BNP Paribas Declares War on Euroclear

BNP Paribas, in common with other European agent banks, has made little secret of its growing hostility to the ICSDs in general and Euroclear in particular. In their view, the Brussels based ICSD has garbed itself in the idiom of

By None

BNP Paribas, in common with other European agent banks, has made little secret of its growing hostility to the ICSDs in general and Euroclear in particular. In their view, the Brussels-based ICSD has garbed itself in the idiom of a user-friendly, user-owned, user-governed and not-for-profit utility acting pro bono publico whilst actually pursuing a ruthless competitive strategy designed to displace the agent banks as gatekeepers to the capital markets of western Europe. Their strategy articulated by BNP Paribas is to subvert the ICSD strategy of acquiring or merging with CSDs by forming a pan-European transactions bank with sufficient volumes of business to net trades across its own books and so deny the ICSDs transactions which would normally have settled in the CSDs.

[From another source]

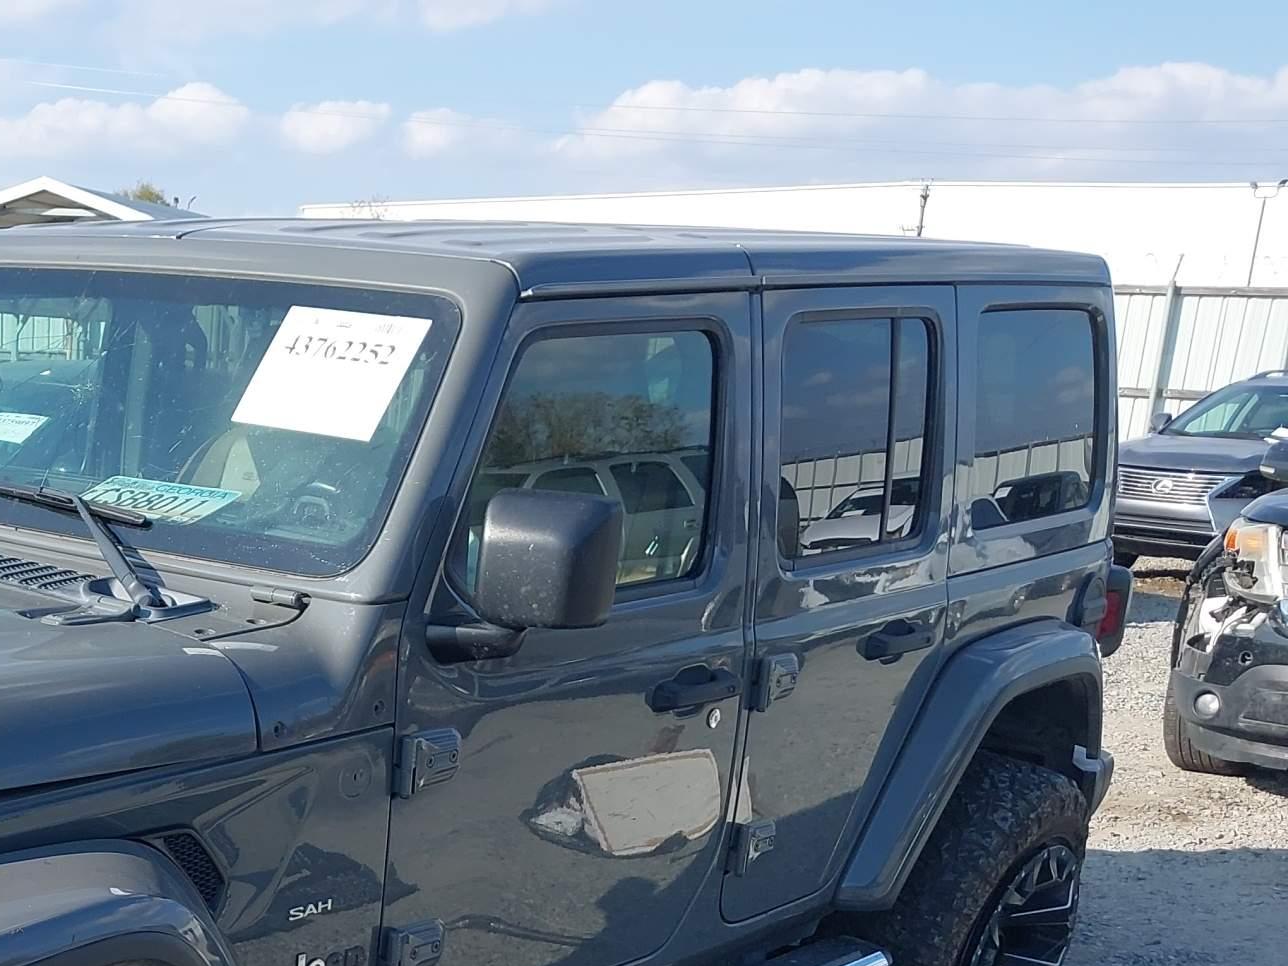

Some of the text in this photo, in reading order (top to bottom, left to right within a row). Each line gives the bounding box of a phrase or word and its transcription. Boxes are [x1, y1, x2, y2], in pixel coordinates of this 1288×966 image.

Voicing this hostility explicitly and in public, as opposed to implicitly and in private, has so far proved a step too far for BNP Paribas. Nor is it without risk, especially with the ICSDs confdortably astride the high moral ground. But a presentation to a London conference on Tuesday by Jon Lloyd, head of sales and relationship management at BNP Paribas Securities Services, suggests that the agent bankers are at last overcoming their native caution. To be sure, the speech needs to be read carefully – indeed, many who actually heard the presentation missed its import entirely – but it contained not only a devastating attack on the ICSD view of the world but a fierce defence of the role of the agent bank in European clearing and settlement. What Lloyd said was this:

-The Euroclear case for a horizontal consolidation of the European market infrastructure rests on their estimate that CSDs and ICSDs account for just 4 per cent of the cost of settling a trade across borders, with agent banks (35 per cent) and multiple back office interfaces maintained by their clients (60 pe rcent) accounting for the rest. Lloyd says agent banks cost a lot because they do a lot – securities lending, tax reclaims, credit advances, securities financing, proxy voting, margin management and so on – which ICSDs would have to start doing themselves.

-It follows that agent banks – or at least the things which agent banks do – cannot be bypassed: somebody has to do them, and if its not the agent banks it will have to be the CSDS and ICSDs. And if CSDs and ICSDs really do account for just 4 percent of cross-border clearing and settlement costs, it makes virtually no sense to merge them: they are obviously incredibly cheap and efficient already. The savings from merging agent banks, allowing them to clear and settle trades across their own books, would be far greater. Many agent banks already charge lower fees for settling transactions internally.

-The ICSDs have advertised their strategy of acquiring CSDs so far in advance, and over-paid so heavily for the acquisitions which they have made already, that western Europe is now seething with CSDs who will sell themselves dearly or not at all. Which is bound to drive up the costs of consolidating depositories. Worse still, the ICSDs have yet to deliver any serious cost savings from the mergers they have agreed already – not least because they cannot centralise all the functions currently performed by the CSDs, which continue to have to be done at the local market level. Ergo, all the ICSDs are offering the market is to swap an agent bank for an ICSD as their intermediary in local markets.

“There is no doubt,” Lloyd told his audience. “That the ICSDs want what the agent banks have today. After all, both business models include the same clients; similar products and services; similar European ambitions. It is possible to make them seem optically different by introducing `Not for profit’ and `User governed, user owned,’ but these are largely cosmetic differences. `User governed, user owned’ is not really very different from `client focused and value-driven.’ In the end, the two alternatives are essentially: ICSD plus CSD or Agent Bank plus CSD.”

This is an astonishingly frank portrayal of the real competitive landscape in the European securities clearing and settlement infrastructure today. But who will dare to share it? It would be easy to agree with BNP Paribas Securities Services that competition is just what the market needs – may the best man win! – but it would be naive to do so. Easily the cleverest aspect of the ICSD strategy, especially on the part of Euroclear, is the way in which they have turned the shape of the securities clearing and settlement infrastructure into a public policy issue: an obstacle to the creation of a genuine single European capital market. Now the European politicians and regulators are involved, the issue cannot be solved by competitive pressures alone.